For a buffer composition of 1.5%(v/v) glycerol, 150 mM KCl, 20 mM HEPES, 1 mM DTT made up in H₂O, the contrast of unlabelled SFPQ is estimated to be 2.49 × 10¹⁰ cm⁻² and the contrast of labelled SFPQ is estimated to be 5.32 × 10¹⁰ cm⁻². For a buffer composition of 0.75%(v/v) glycerol, 150 mM KCl, 20 mM HEPES, 0.5 mM DTT the contrast-matching condition for SFPQ in these buffer conditions was estimated to contain 95.1% buffer made up in D₂O with 4.9% buffer made up in H₂O. This corresponds to solution conditions of 94.3% D₂O, 4.9% H₂O, 150 mM KCl, 1.5%(v/v)glycerol, 20 mM HEPES, 1 mM DTT. In these solution conditions, the contrast of unlabelled SFPQ is estimated to be −2.84 × 10¹⁰ cm⁻².

2.5.2. SANS match-out testing

For the SANS experimental setup, a storage buffer (500 mM KCl, 5% glycerol, 20 mM HEPES, 1 mM DTT pH 7.4) and a low-salt buffer (20 mM HEPES, 1 mM DTT pH 7.4) were used. To determine whether proteins could be successfully matched out, 800 µl full-length dSFPQ (deuterated SFPQ; 1.32 mg ml⁻¹ in H₂O storage buffer) was dialysed in 20 ml storage buffer made up in D₂O overnight at room temperature. The dialyzer was then transferred into 20 ml fresh storage buffer in D₂O and dialysed for a further 4 h. The H₂O in the original sample would then have been diluted by a factor of ∼625 (25 × 25). Thus, the final buffer composition of the sample was 94.84% D₂O, 0.16% H₂O, 500 mM KCl, 5% glycerol, 20 mM HEPES, 1 mM DTT pH 7.4. Approximately 600 µl of 1.32 mg ml⁻¹ dSFPQ in ∼95% D₂O buffer was transferred into a 2 mm Hellma (`Banjo') cell. SANS data were collected using QUOKKA. SANS data were collected in the same way from dialysis buffer (after the final dialysis step) and used for buffer subtraction.

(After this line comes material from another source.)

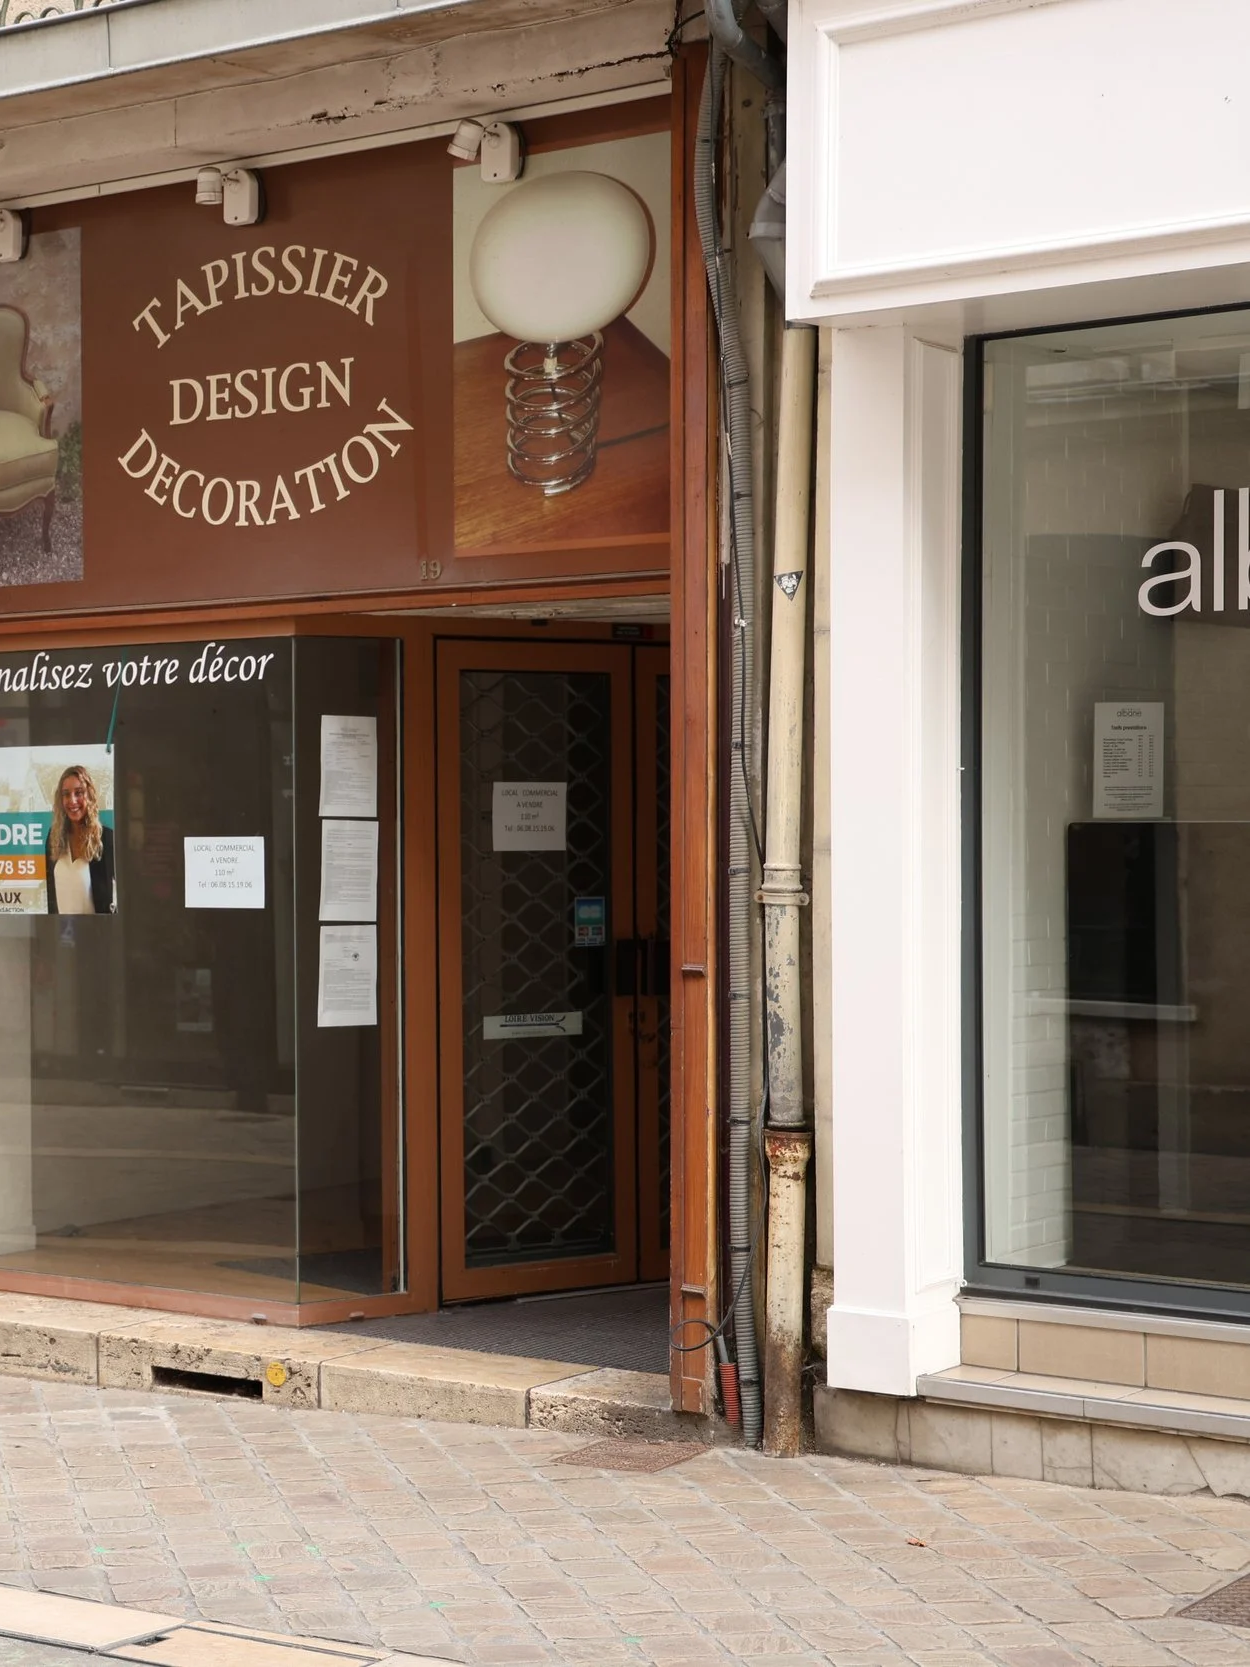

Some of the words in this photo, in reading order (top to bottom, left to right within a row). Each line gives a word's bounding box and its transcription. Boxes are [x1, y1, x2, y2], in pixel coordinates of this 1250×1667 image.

2.5.3. Attempt at producing bulk condensed-phase SFPQ for SANS and resulting scattering in H₂O

We attempted to produce a bulk condensed phase via dialysis to a lower salt concentration, but this ultimately failed. However, some of the sample from this still produced dimer scattering. 96 ml full-length dSFPQ (1.32 mg ml⁻¹ in H₂O storage buffer; total mass 127 mg) was mixed with 477 µl hSFPQ (13.3 mg ml⁻¹ in H₂O storage buffer; total mass 6.34 mg) such that the hSFPQ:dSFPQ ratio was 1:20. This was dialysed in 224 ml low-salt buffer overnight at room temperature in a 250 ml measuring cylinder. The KCl and glycerol in the original sample would then have been diluted by a factor of 3.33 (320/96). Thus, the final buffer composition of the sample was 150 mM KCl, 1.5% glycerol, 20 mM HEPES, 1 mM DTT pH 7.4. After dialysis, a mass of white/brown precipitate was observed in place of condensed liquid. This was pelleted via centrifugation at 1500g for 40 min (20°C). The supernatant (`dilute phase') was then removed. The SFPQ concentration in the supernatant was determined to be 0.63 mg ml⁻¹ using the absorbance at 280 nm and an extinction coefficient of 0.346 ml mg⁻¹ (ProtParam). Assuming that the sample contained a 1:20 ratio of hSFPQ:dSFPQ, the concentration of hSFPQ would be 0.0315 mg ml⁻¹. Approximately 600 µl of this sample (0.63 mg ml⁻¹ of 1:20 hSFPQ:dSFPQ in 150 mM KCl, 1.5% glycerol, 20 mM HEPES, 1 mM DTT pH 7.4 in H₂O) was transferred into a 2 mm Hellma (`Banjo') cell. SANS data were collected using QUOKKA. SANS data were collected in the same way from dialysis buffer (after the dialysis step) and used for buffer subtraction.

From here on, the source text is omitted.